In Re Parsippany-Troy Hills Educ. Association
This text of 356 A.2d 394 (In Re Parsippany-Troy Hills Educ. Association) is published on Counsel Stack Legal Research, covering New Jersey Superior Court Appellate Division primary law. Counsel Stack provides free access to over 12 million legal documents including statutes, case law, regulations, and constitutions.
Opinion
IN THE MATTER OF: THE PARSIPPANY-TROY HILLS EDUCATION ASSOCIATION, AN INCORPORATED NEW JERSEY ASSOCIATION, AND STEPHEN MARABETTI, ANNA HONIGFELD, CHARLES KUGELMEYER, ABRAHAM LERNER, PATRICIA DANISHEK AND MARY Mc NAY, ALL AS OFFICERS AND/OR NEGOTIATING MEMBERS OF THE PARSIPPANY-TROY HILLS EDUCATION ASSOCIATION, AND ALL MEMBERS OF THE PARSIPPANY-TROY HILLS EDUCATION ASSOCIATION AS A CLASS, CHARGED WITH CONTEMPT OF COURT.

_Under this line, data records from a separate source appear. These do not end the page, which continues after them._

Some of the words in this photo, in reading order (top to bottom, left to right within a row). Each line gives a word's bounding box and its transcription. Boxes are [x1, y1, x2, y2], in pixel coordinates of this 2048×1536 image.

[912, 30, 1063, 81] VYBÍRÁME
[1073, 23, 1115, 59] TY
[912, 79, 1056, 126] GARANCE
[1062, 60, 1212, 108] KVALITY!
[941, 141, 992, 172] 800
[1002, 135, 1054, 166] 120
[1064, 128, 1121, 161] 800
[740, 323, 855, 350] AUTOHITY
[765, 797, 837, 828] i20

Superior Court of New Jersey, Appellate Division.
*356 Before Judges KOLOVSKY, BISCHOFF and BOTTER.
Mr. Theodore M. Simon argued the cause for appellants (Messrs. Goldberg & Simon, attorneys).

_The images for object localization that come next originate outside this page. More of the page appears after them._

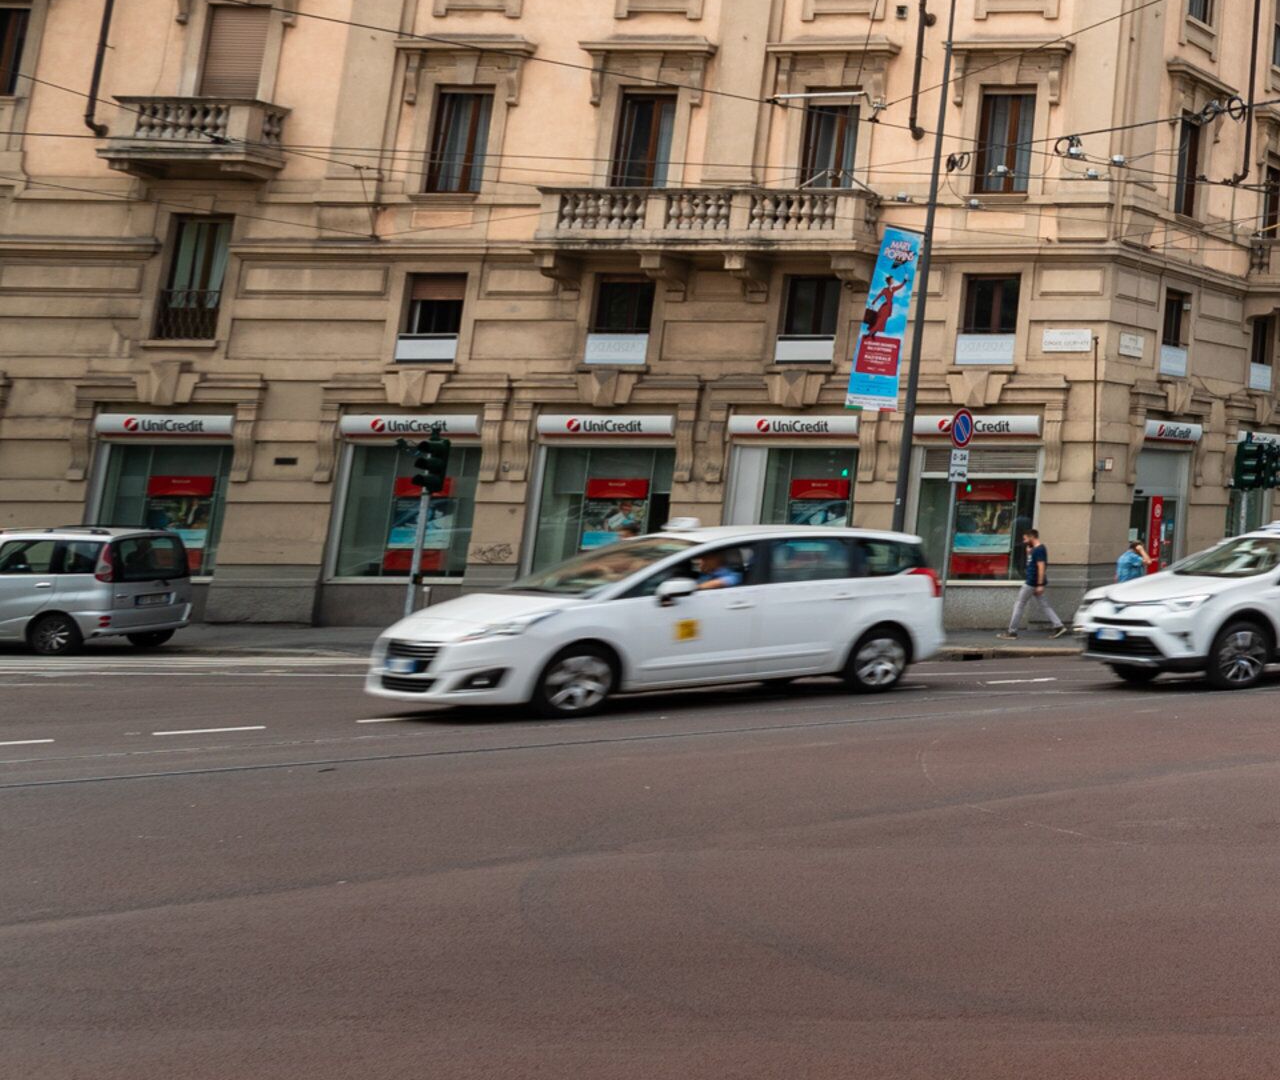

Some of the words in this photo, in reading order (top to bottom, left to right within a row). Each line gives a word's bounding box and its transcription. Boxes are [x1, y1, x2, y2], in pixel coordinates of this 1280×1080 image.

[141, 419, 204, 433] UniCredit
[388, 419, 447, 433] UniCredit
[583, 419, 643, 433] UniCredit
[772, 419, 829, 433] UniCredit
[973, 420, 1011, 433] Credit

Mr. Clifford J. Weininger, First Assistant Prosecutor, argued the cause for respondent (Mr. Donald G. Collester, Morris County Prosecutor, attorney).
PER CURIAM.
Defendants appeal from the sentence imposed on their plea of guilty to a charge of contempt of court.
The summary proceeding to punish for contempt, see R. 1:10-2, was instituted by an order to show cause entered and served September 29, 1975. The order, returnable September 30, 1975, required defendants to show cause why they should not be adjudged guilty of penal contempt of court for their failure to obey an order entered on September 25, 1975 in an action which the Parsippany-Troy Hills Board of Education (board) had instituted against the above-named defendants "and all members of the Parsippany/Troy Hills Education Association as a class."
The order to show cause recited, as the basis for its issuance, that it appeared from an affidavit filed by the board that
* * * an Order restraining strike was issued out of this Court on September 25, 1975, demanding the Defendants to cease and desist from striking, picketing or otherwise interrupting the educational *357 process of the Parsippany/Troy Hills school district and that said Defendants have failed and refused to obey the command of such Order, * * *."
On the return of the order to show cause each defendant pleaded guilty to the contempt of court charged. Argument was limited to the question of the penalties to be imposed. The judgment entered on September 30, 1975 at the conclusion of the hearing found each defendant guilty of contempt of court and embodied the following penalty provisions:
[The Association is] fined $25,000. per day commencing on Thursday, September 25, 1975, and including Friday, September 26, 1975, Monday, September 29, 1975, and Tuesday, September 30, 1975, that the Association remains in contempt of the restraining Order; and said $25,000. per day fine is to continue, including Saturdays and Sundays, until such time that the Association complies with the restraining Order issued by the Honorable Robert Muir, Jr., Judge of the Superior Court of Morris County, on September 25, 1975.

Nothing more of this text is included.